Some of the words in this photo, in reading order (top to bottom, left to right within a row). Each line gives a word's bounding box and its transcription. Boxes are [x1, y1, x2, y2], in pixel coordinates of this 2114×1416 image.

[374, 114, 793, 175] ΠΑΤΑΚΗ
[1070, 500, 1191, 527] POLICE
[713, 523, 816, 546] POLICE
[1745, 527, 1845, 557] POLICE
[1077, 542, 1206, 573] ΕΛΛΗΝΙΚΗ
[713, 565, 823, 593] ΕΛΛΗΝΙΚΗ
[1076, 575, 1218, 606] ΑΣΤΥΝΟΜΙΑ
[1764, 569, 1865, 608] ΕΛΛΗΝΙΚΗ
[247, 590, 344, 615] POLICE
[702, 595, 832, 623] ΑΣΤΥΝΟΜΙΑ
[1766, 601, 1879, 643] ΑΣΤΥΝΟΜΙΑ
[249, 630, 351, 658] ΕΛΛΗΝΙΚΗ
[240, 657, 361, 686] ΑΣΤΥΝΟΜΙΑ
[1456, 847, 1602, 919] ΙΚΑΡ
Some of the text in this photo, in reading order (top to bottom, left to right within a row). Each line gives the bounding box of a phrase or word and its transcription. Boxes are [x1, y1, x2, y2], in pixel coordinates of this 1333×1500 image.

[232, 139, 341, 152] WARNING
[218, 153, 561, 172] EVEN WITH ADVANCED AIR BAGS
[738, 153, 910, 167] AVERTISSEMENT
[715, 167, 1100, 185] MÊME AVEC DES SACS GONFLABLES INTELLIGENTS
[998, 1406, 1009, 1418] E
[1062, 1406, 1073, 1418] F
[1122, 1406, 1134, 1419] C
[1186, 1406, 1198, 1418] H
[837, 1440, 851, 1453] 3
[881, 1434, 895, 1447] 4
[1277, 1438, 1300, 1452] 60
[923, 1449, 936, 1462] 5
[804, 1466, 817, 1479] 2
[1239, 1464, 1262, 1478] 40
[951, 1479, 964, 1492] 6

● **YOUR OBJECTIVE**
Would you print all of the entries exactly as they stand?

● **EXERCISE ANSWER**
Some of the words in this photo, in reading order (top to bottom, left to right within a row). Each line gives a word's bounding box and its transcription. Boxes are [x1, y1, x2, y2], in pixel coordinates of this 2114×1416 image.

[374, 114, 793, 175] ΠΑΤΑΚΗ
[1070, 500, 1191, 527] POLICE
[713, 523, 816, 546] POLICE
[1745, 527, 1845, 557] POLICE
[1077, 542, 1206, 573] ΕΛΛΗΝΙΚΗ
[713, 565, 823, 593] ΕΛΛΗΝΙΚΗ
[1076, 575, 1218, 606] ΑΣΤΥΝΟΜΙΑ
[1764, 569, 1865, 608] ΕΛΛΗΝΙΚΗ
[247, 590, 344, 615] POLICE
[702, 595, 832, 623] ΑΣΤΥΝΟΜΙΑ
[1766, 601, 1879, 643] ΑΣΤΥΝΟΜΙΑ
[249, 630, 351, 658] ΕΛΛΗΝΙΚΗ
[240, 657, 361, 686] ΑΣΤΥΝΟΜΙΑ
[1456, 847, 1602, 919] ΙΚΑΡ
Some of the text in this photo, in reading order (top to bottom, left to right within a row). Each line gives the bounding box of a phrase or word and its transcription. Boxes are [x1, y1, x2, y2], in pixel coordinates of this 1333×1500 image.

[232, 139, 341, 152] WARNING
[218, 153, 561, 172] EVEN WITH ADVANCED AIR BAGS
[738, 153, 910, 167] AVERTISSEMENT
[715, 167, 1100, 185] MÊME AVEC DES SACS GONFLABLES INTELLIGENTS
[998, 1406, 1009, 1418] E
[1062, 1406, 1073, 1418] F
[1122, 1406, 1134, 1419] C
[1186, 1406, 1198, 1418] H
[837, 1440, 851, 1453] 3
[881, 1434, 895, 1447] 4
[1277, 1438, 1300, 1452] 60
[923, 1449, 936, 1462] 5
[804, 1466, 817, 1479] 2
[1239, 1464, 1262, 1478] 40
[951, 1479, 964, 1492] 6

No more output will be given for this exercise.